Backstory and Context
Strasser Cottage is a small frame residence either constructed or re-modeled in the Queen Anne Style. In the United States, the Queen Anne Style of architecture refers to a wide range of picturesque buildings which borrow freely from the architectural features of the Italian Renaissance and avoid the features of English Gothic. Queen Anne Style runs from approximately 1880 to 1910 and refers to architecture, decorative arts, and furniture. In architecture, the Queen Anne Style incorporates distinctive gables and turrets, asymmetrical facades, dominant front-facing gables which are often cantilevered out beyond the supporting wall, pedimented porches, balconies, overhanging eaves, leaded glass, dentils, balustrades, columns, and wooden or slate roofs. Strasser Cottage is a simplified version of Queen Anne, demonstrating the dominant front-facing gable, asymmetrical façade, and turret-styled or bay window.

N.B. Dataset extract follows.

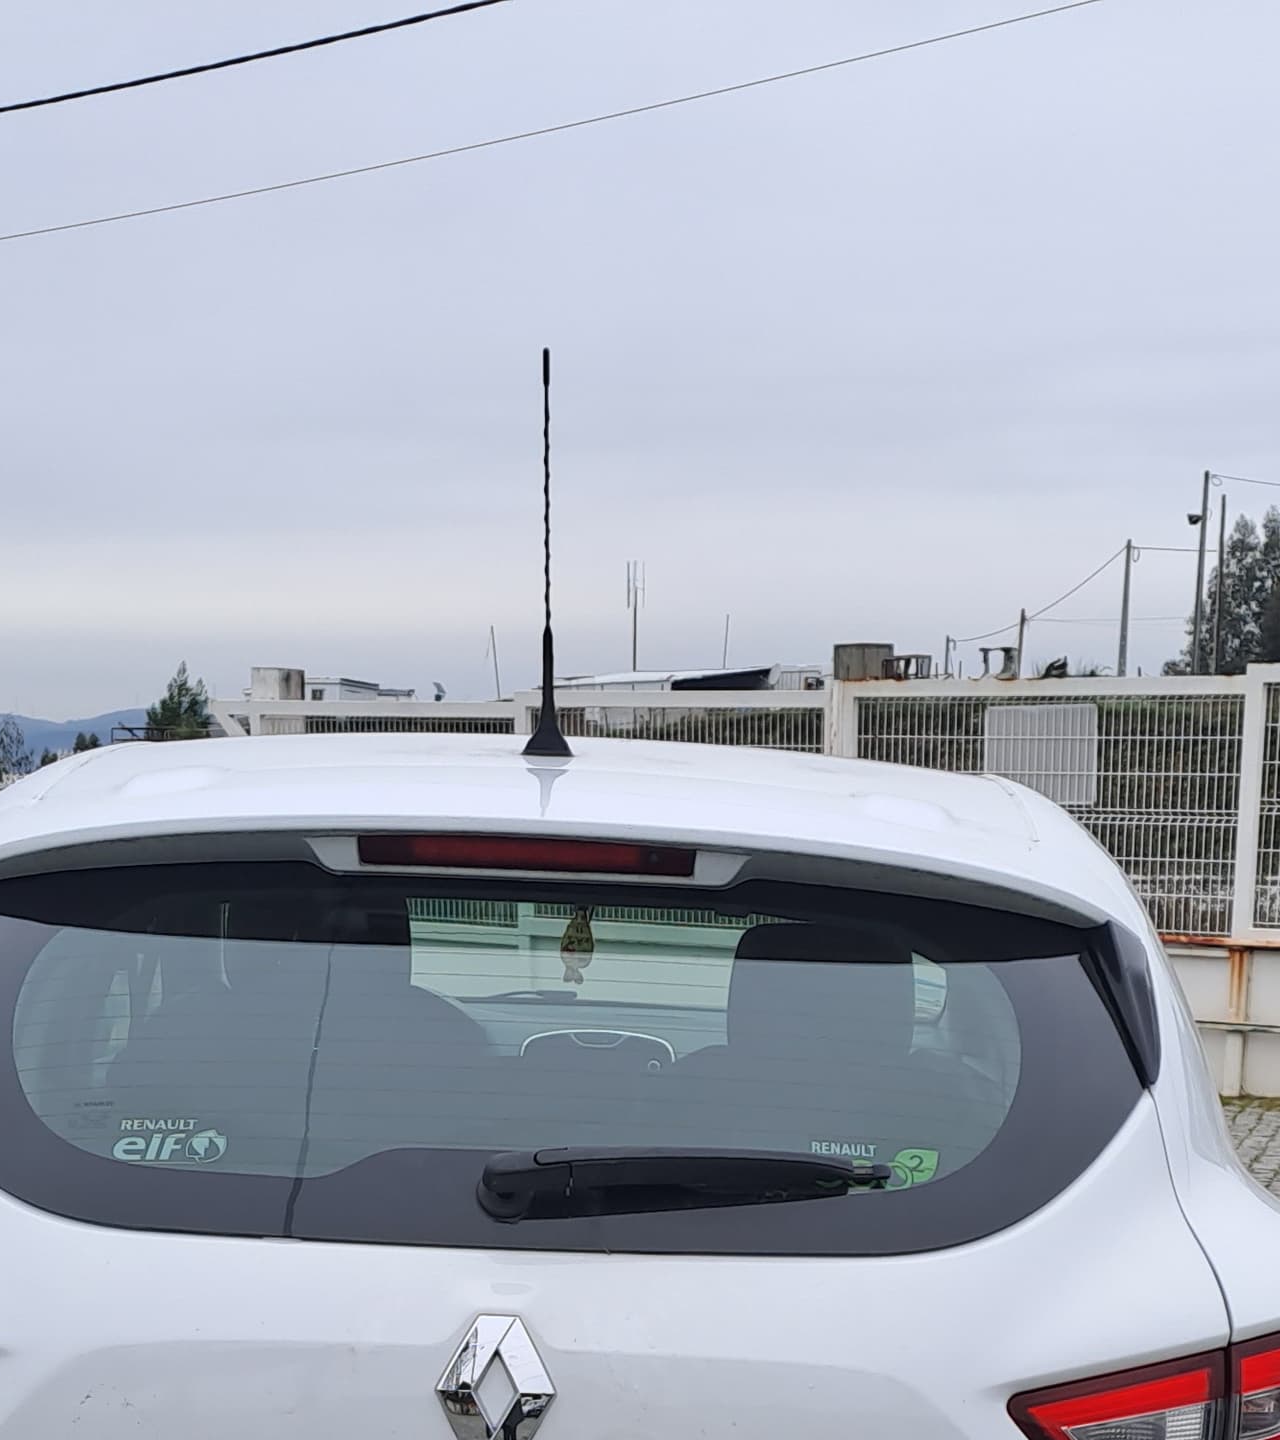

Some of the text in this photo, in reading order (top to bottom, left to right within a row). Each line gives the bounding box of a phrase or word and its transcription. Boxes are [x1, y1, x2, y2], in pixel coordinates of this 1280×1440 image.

[120, 1119, 198, 1130] RENAULT
[112, 1133, 186, 1161] elf
[811, 1141, 877, 1157] RENAULT
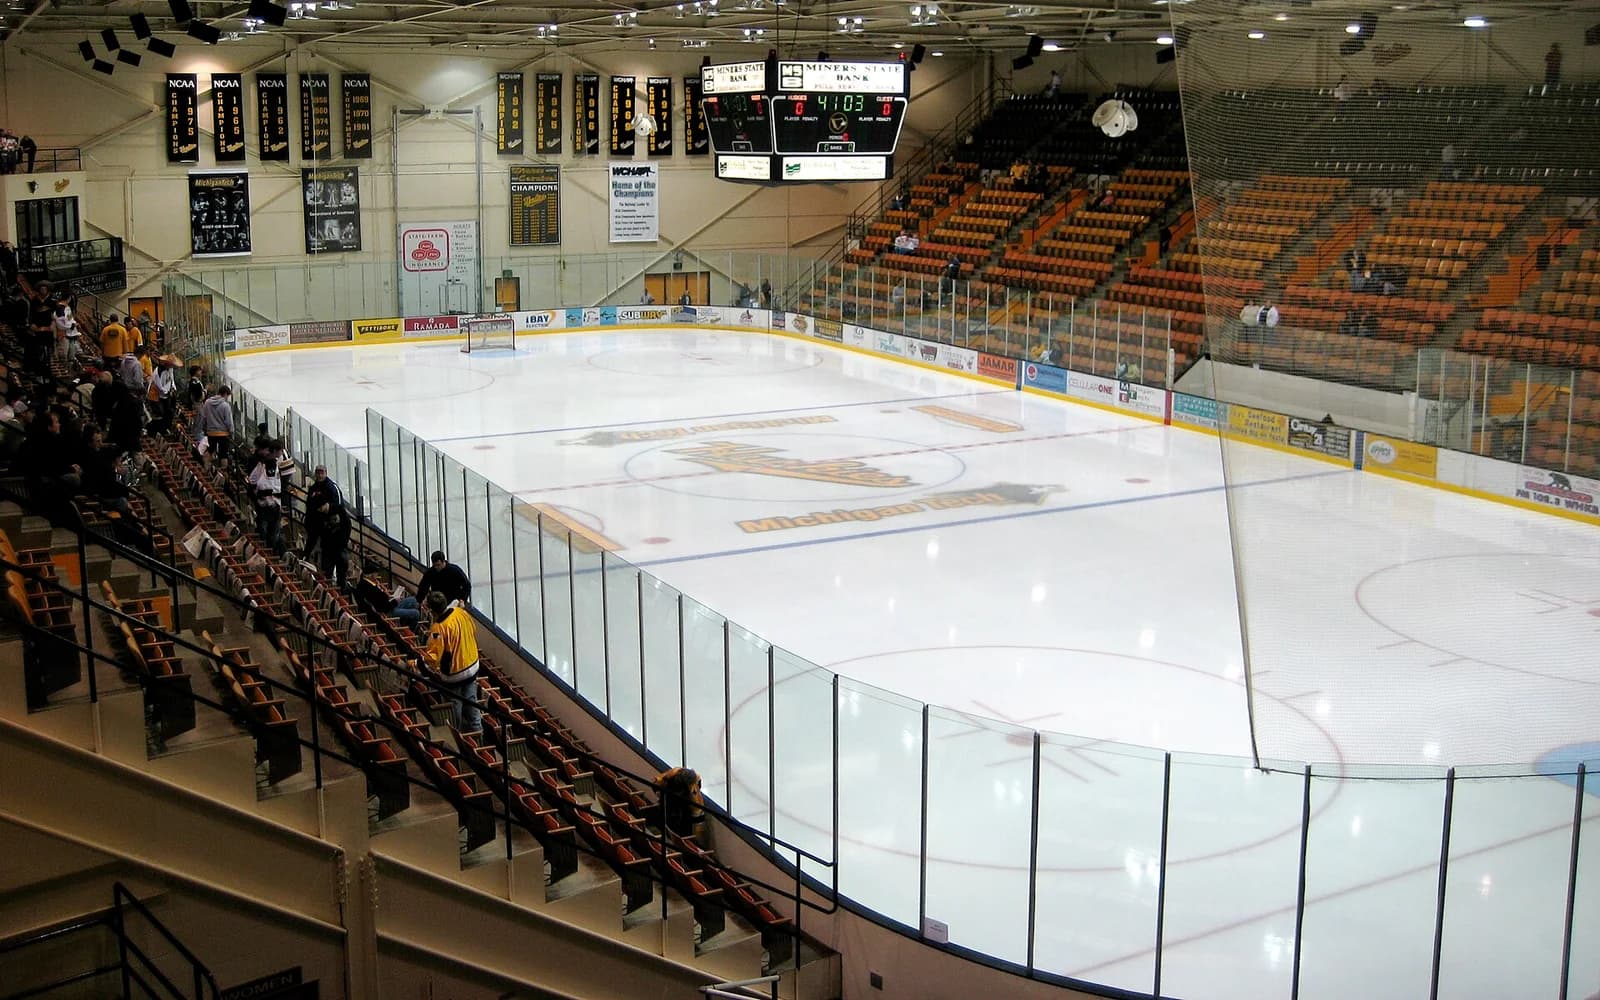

Built in 1882, the house was first used by a late nineteenth-century Little Rock organization known as the Ladies Building Association. Little is known about this group, but the name suggests that in the late 1800s, women of early Little Rock took an active interest in architecture and construction.
Today the Strasser Cottage retains its original charm, with a cheerful yellow painted exterior. With its location near the historic Trinity Episcopal Cathedral, Strasser Cottage sits amongst palpable heritage. It's a short pleasant walk from here to other captivating venues.